A brief list of misused English terminology in EU publications [PDF Download] is a fascinating look at the emerging dialect of English that is emerging out of the EU bureaucracy, in which odd bureaucratic language has to be translated from and to many languages. It’s a good window into concepts that are common in one nation’s bureaucratic tradition, but not others’:
Explanation: the most common meaning of ‘dispose of’ is ‘to get rid of’ or ‘to throw away’; it never means ‘to have’, ‘to possess’ or ‘to have in one’s possession’. Thus, the sentence ‘The managing authority disposes of the data regarding participants.’ does not mean that it has them available; on the contrary, it means that it throws them away or deletes them.

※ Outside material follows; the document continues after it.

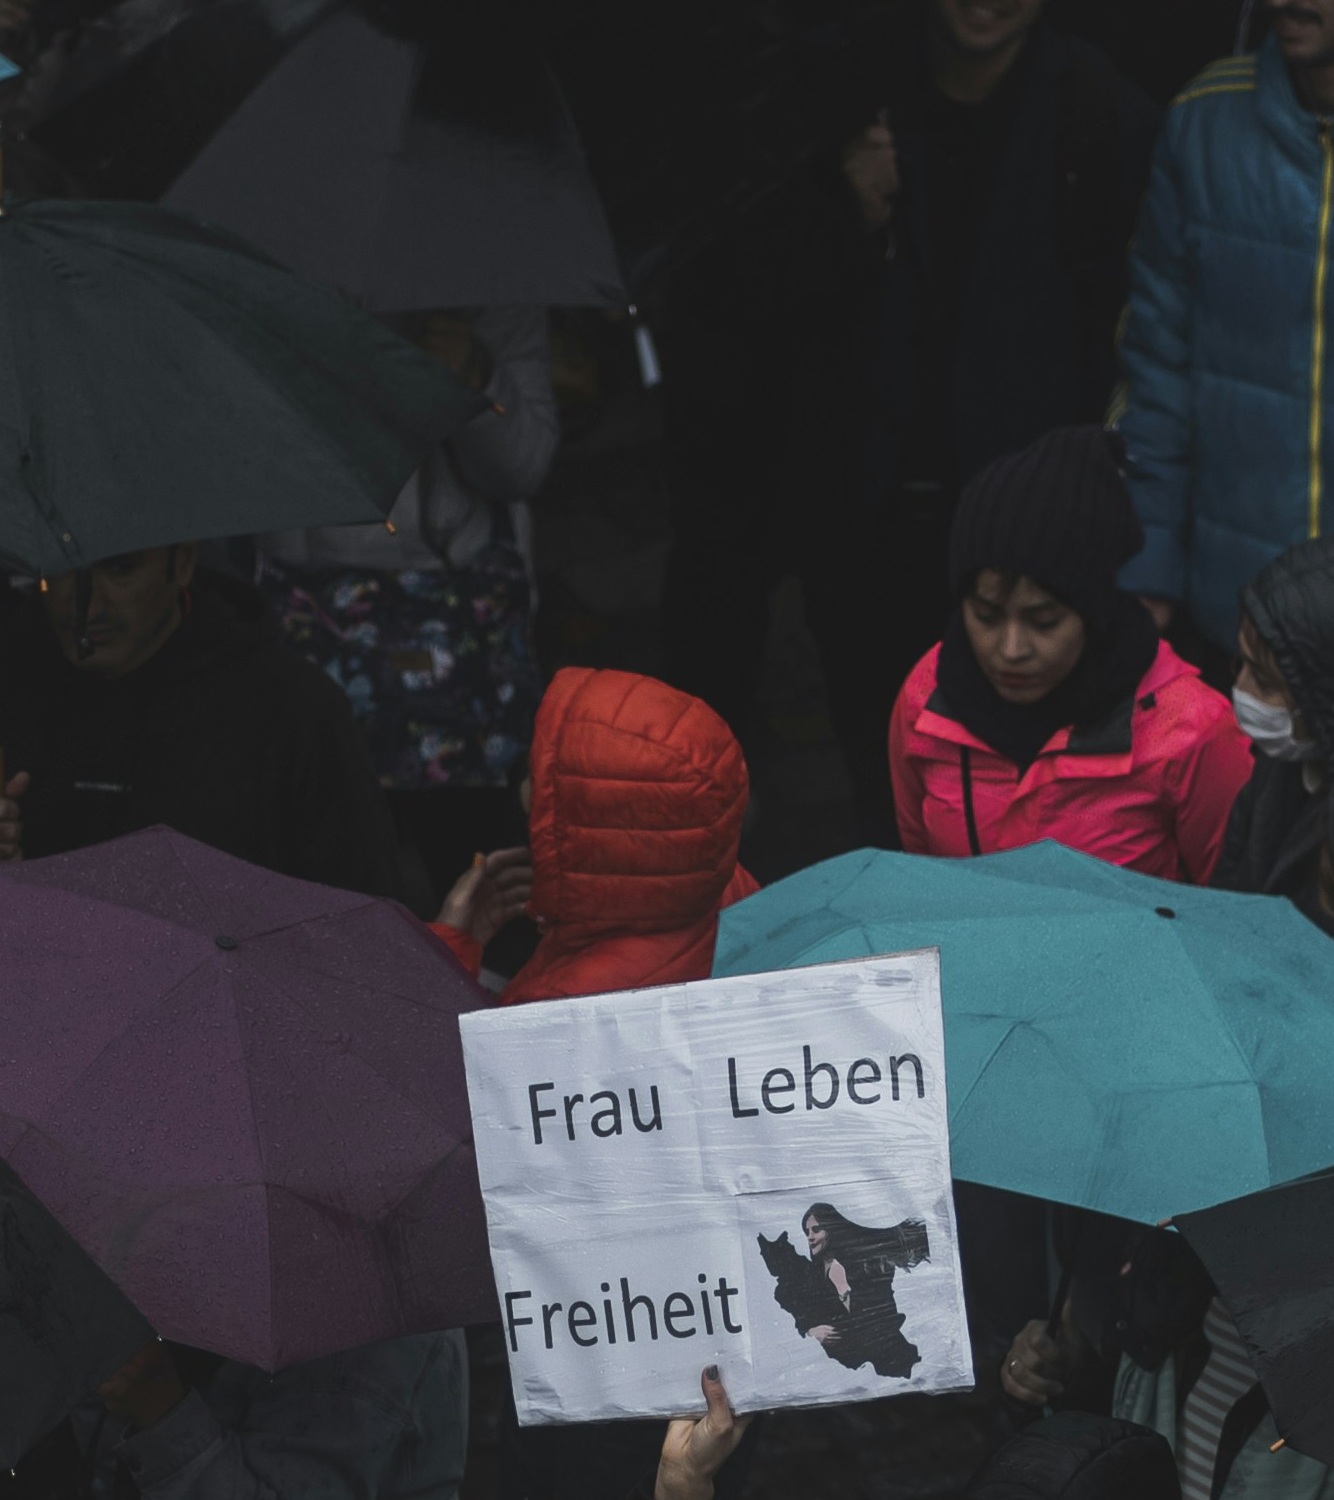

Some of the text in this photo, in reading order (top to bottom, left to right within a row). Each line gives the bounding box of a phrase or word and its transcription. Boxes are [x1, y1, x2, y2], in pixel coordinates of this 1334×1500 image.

[527, 1043, 926, 1146] Frau Leben
[504, 1272, 743, 1353] Freiheit

Similarly, the sentence below does not mean: ‘the Commission might not have independent sources of information’, it means that the Commission is not permitted to discard the sources that it has.
Example: ‘The Commission may not be able to assess the reliability of the data provided by Member States and may not dispose of independent information sources (see paragraph 39)46.’
As Bruce Sterling says, “I would not expect ‘Brussels English’ to get any closer to grammatically correct British English; on the contrary I would expect it in future to drift into areas of machine translation jargon, since that’s a lot cheaper than hiring human translators who are as skilled as the author of this document.”